I would like to personally welcome one and all: horror fans, science-fiction enthusiasts, independent filmmakers, sword & sorcery wizards and warriors, space fantasy readers, RPG players, midnight movie minions, renaissance fair minstrels and mistresses – and remaining factions of fandom.

Son of Oddservations

Thanks for taking time out of your day to have a close encounter with the musings of a self-proclaimed “well-rounded fanboy”!  Special note of thanks to Dread Central co-founder Uncle Creepy for recalling the column formerly known as “Oddservations” and for being the prestidigitator who conjured its resurrection.

But why did Oddservations lay an egg that has now birthed a bastard son?

In its original incarnation, Oddservations was a weekly fannish opinion column featured as part of “Crazed Fanboy,” a Tampa, Florida-based website specializing in pop culture as related to the fantastic genres.  Oddservations rampaged from 2005-2008 and enjoyed a solid, but controversial romp.  Topics ranged from ‘70s horror films, cult TV, SF novels, current fanboy events, or anything I deemed worthy of my two cents.

You will quickly discover, as you read Son of Odd over time, a distinct “Purist” glaze baked into the opine loafs.  Purist (I capitalize it) meaning: an unwavering reverence for fantastic fandom dating from the days of Jules Verne and H.G. Wells to the mid-1980’s.  As a horror genre oddserver and knowledgeable veteran fanboy, it is my firm opinion that post that specified era, the horror, science-fiction, and sword & sorcery genres began an alarming decline (with some notable exceptions).  Fright films were becoming silly and juvenile (particularly the A Nightmare on Elm Street and the Friday the 13th franchises), and since Return of the Jedi science-fiction was quickly becoming a creative medium only for those who wield Wacom tablets and commandeered CGI software.

We lost our way in the late 1980’s.  The great filmmakers of the ‘70s and early ‘80s … Lucas … Spielberg … Carpenter were losing their King Midas touch.  The fire in their bellies was doused by fame, riches and the simple fact that they ran out of ideas. Their once-admired creative genius shriveled like a victim sucked dry by a Body Snatcher.  Sure, they made more movies since the early ‘80s and were even prolific, but let’s face it, fans – their work since has been sub-par at best compared to their seminal classics: Halloween, Escape from New York, Raiders of the Lost Ark, THX-1138, Animal House, John Carpenter’s The Thing – the list goes on.  Must I mention Indiana Jones and the Kingdom of the Crystal Skull or The Phantom Menace?

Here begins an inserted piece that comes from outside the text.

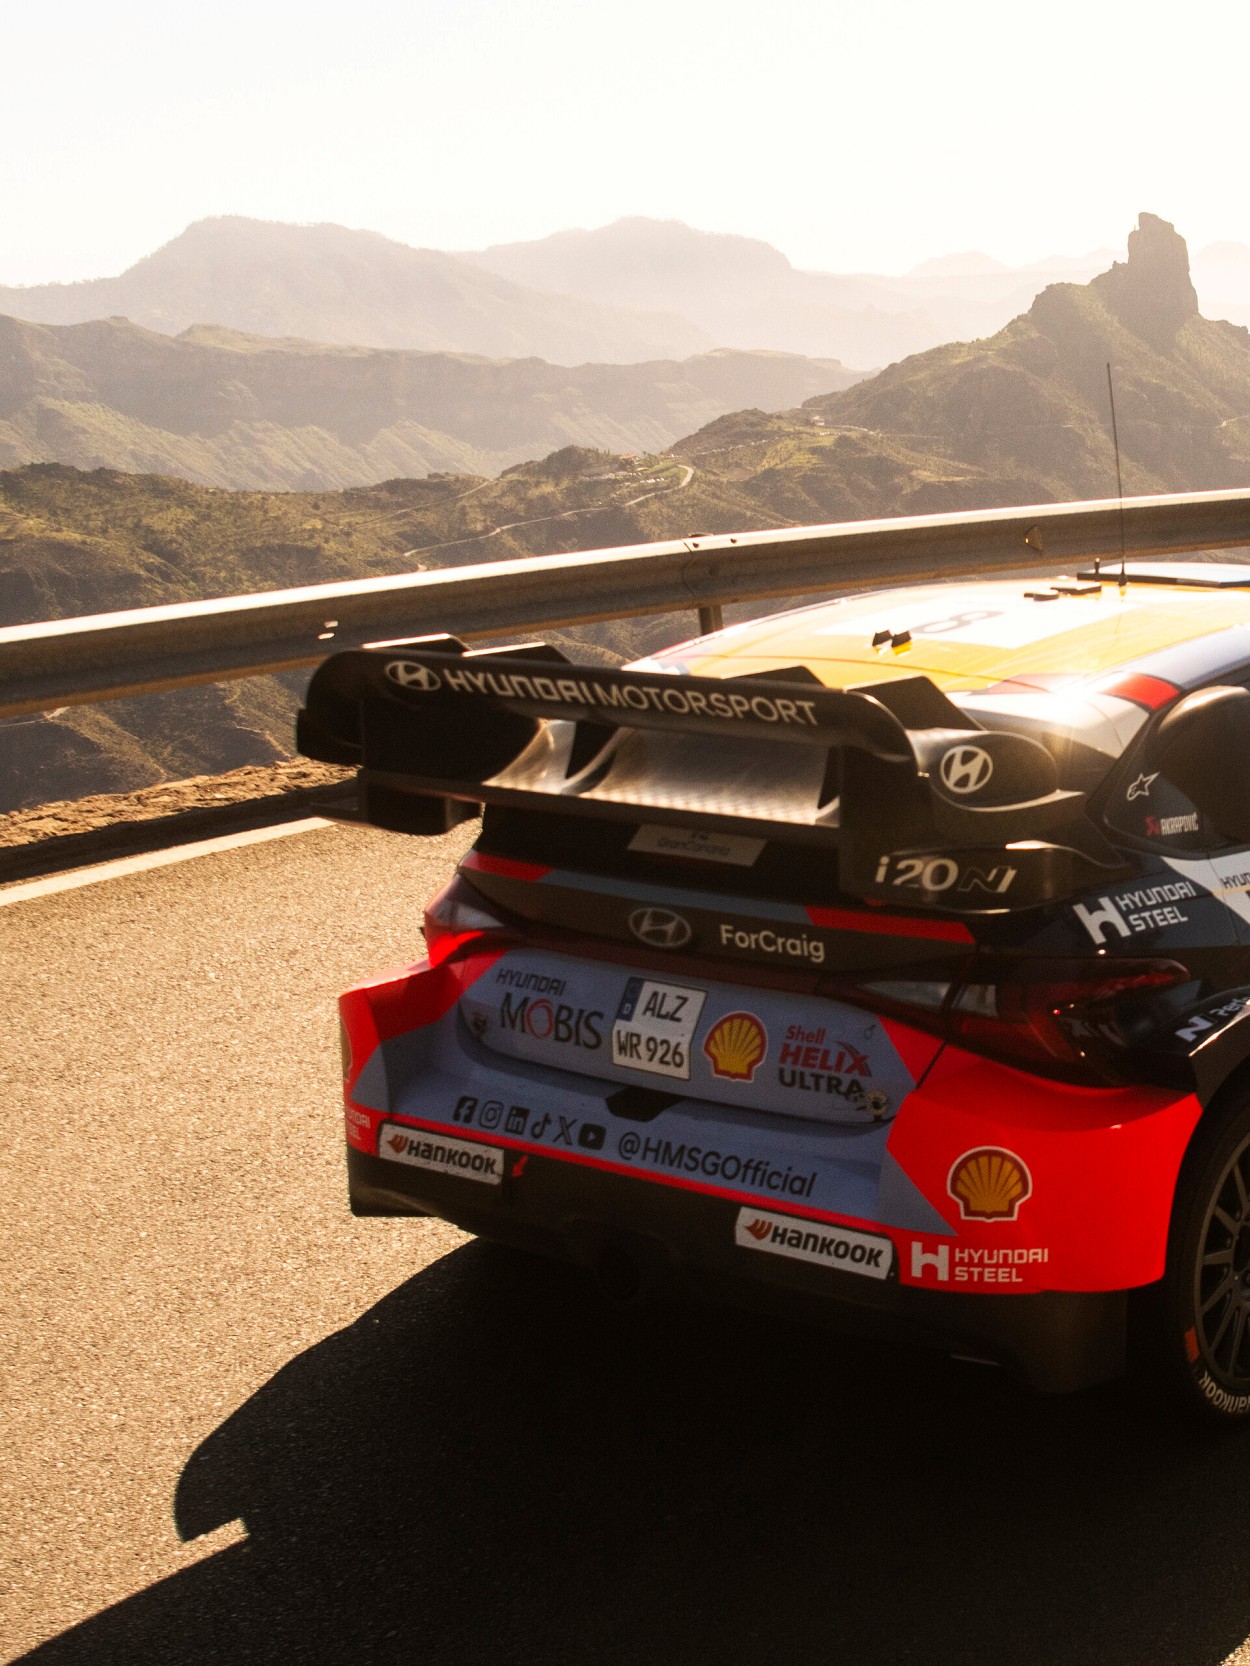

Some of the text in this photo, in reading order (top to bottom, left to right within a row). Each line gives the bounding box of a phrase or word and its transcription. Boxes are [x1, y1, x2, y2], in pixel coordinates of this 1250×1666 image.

Adding to the creative calamity was the rise of “CGI Porn.”  Truth be told. there have been examples of science-fiction films that used computer graphics on a primitive level, exemplified by Futureworld in 1976, but in 1985 it became a key visual in the movie The Last Starfighter and continued its prominence (and dominance) beginning with the 1989 James Cameron movie The Abyss. Fans and the general public have been entranced by CGI since, and it has sadly become the go-to effect in major motion pictures.  In CGI’s wake, practical effects craftsman who trained themselves using 20th century techniques would now have to worry about digital artists taking their jobs.

A one-two punch, only to be made worse by the cheat strategy of Hollywood purchasing licenses from every existing property and franchise in sight in order to produce an endless stream of adaptations, reboots, and sequels – of (traitorously!) 20th century media!  The result is a crisis shortage of original ideas and screenplays. Only the indie filmmaker seems capable of original storytelling, and Son of Oddservations supports the indie scene 1000%!

Also realize that CGI and high technology filmmaking contributes to the demise of the horror genre.  As technology advances, consequently so does our tendency to fear the unknown.  CGI is the enemy of horror and exploitation.  It robs us of the “Grit and Grindhouse” of the ‘70s and early ‘80s in favor of crystal-clear imaging and digital wonderscapes.

In conclusion, it appears we all may be sentenced to live out the rest of our lives with CGI as the main visual component in major motion pictures.  As Mad magazine would belch: “YEECH!”  Is that what most fanboys desire?  According to box office take – the answer would be “yes” – progress, or more accurately what we perceive progress to be, is a tough beast for Purist fanboys to slay.

All hope is not lost, however.  On a parallel track to the advancement of computer FX is a protest movement largely consisting of Purists who spurn the technique.  There has been an increased demand for non-CGI effects, one could argue, due to the efforts of select modern-era films that have gone out of their way to brag about their inclusion of practical effects: The Force Awakens and Mad Max: Fury Road, among a precious few others.  Amusing and mildly admirable cinematic efforts, but both are hardly satisfying to fans who have grit and grindhouse in their blood.  Despite the bragging, they are both big-budget bloated beasties who have to scarf off the ‘70s and ‘80s to gain attention, and in the case of The Force Awakens, we have a hollow tool of the hated Disney corporation who have bastardized Star Wars and the Marvel superhero properties.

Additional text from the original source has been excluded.